What the AI moment demands of leaders is not technological literacy, though that is useful. It is not the ability to prompt effectively, though that is a practical skill worth developing. What it demands, at the deepest level, is the cultivation of the qualities that were always the real substance of leadership and that the noise of managerial busyness has too often allowed leaders to neglect: clarity of values, depth of judgment, quality of relational presence, and the intellectual courage to think originally in situations where the established answers are insufficient.
It demands, in short, the development of genuine human depth, the kind of interior richness that makes a person genuinely irreplaceable, not because no tool can do what they do, but because what they do is an expression of who they are in a way that no tool can be. A leader whose decisions emerge from a deeply formed character, whose relationships are built on genuine trust and genuine attention, whose thinking reaches conclusions that a pattern-matching system could not have generated, that leader is not threatened by AI. They are clarified by it.
The philosopher Albert Borgmann, writing about technology’s tendency to replace what he called focal practices, the activities that engage human beings at the level of skill, attention, and meaning rather than mere convenience, observed that every convenience technology offers is simultaneously an invitation to relinquish something that mattered.
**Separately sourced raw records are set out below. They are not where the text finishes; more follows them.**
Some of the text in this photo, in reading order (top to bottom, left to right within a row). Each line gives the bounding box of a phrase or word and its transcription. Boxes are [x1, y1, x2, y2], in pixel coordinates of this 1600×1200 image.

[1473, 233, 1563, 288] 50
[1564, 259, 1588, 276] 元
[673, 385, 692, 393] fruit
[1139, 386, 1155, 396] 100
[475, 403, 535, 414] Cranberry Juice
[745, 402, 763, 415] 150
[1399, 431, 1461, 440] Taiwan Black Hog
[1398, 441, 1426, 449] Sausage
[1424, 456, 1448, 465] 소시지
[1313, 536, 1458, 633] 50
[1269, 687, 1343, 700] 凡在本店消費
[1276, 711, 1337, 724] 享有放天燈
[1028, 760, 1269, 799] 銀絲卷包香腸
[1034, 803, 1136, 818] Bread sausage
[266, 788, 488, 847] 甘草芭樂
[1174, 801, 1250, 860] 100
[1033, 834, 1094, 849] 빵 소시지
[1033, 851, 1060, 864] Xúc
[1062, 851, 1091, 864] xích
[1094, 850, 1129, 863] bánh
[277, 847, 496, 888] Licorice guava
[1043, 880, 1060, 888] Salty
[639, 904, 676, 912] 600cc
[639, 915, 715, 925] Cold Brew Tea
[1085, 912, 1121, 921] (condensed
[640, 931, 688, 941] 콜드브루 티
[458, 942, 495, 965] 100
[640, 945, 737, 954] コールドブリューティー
The answer, in his view, was not to reject the technology but to become more deliberate about what we refuse to relinquish, to protect the practices that constitute genuine human flourishing against the tendency of convenience to quietly displace them.
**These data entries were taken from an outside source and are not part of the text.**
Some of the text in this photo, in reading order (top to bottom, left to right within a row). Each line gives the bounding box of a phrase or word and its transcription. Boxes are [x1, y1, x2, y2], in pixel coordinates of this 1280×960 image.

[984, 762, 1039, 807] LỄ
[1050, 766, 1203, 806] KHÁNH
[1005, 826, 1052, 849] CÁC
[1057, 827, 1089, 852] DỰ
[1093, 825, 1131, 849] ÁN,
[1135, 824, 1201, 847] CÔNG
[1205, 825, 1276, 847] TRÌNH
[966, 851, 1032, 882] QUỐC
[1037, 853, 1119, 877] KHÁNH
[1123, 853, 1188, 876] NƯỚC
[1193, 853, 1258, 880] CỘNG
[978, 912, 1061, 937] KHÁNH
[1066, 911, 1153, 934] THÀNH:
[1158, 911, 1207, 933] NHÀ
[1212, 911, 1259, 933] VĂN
For leaders in the AI era, that framing is precisely right. The invitation is not to compete with machines on the terrain where machines are strongest, but to become more fully and deliberately human on the terrain where only human beings can go. To think more deeply. To judge more wisely. To lead more honestly. To build relationships of genuine trust. To make decisions that emerge from genuine values rather than pattern-matched precedent.
AI is raising the floor. The question is what leaders choose to build on it.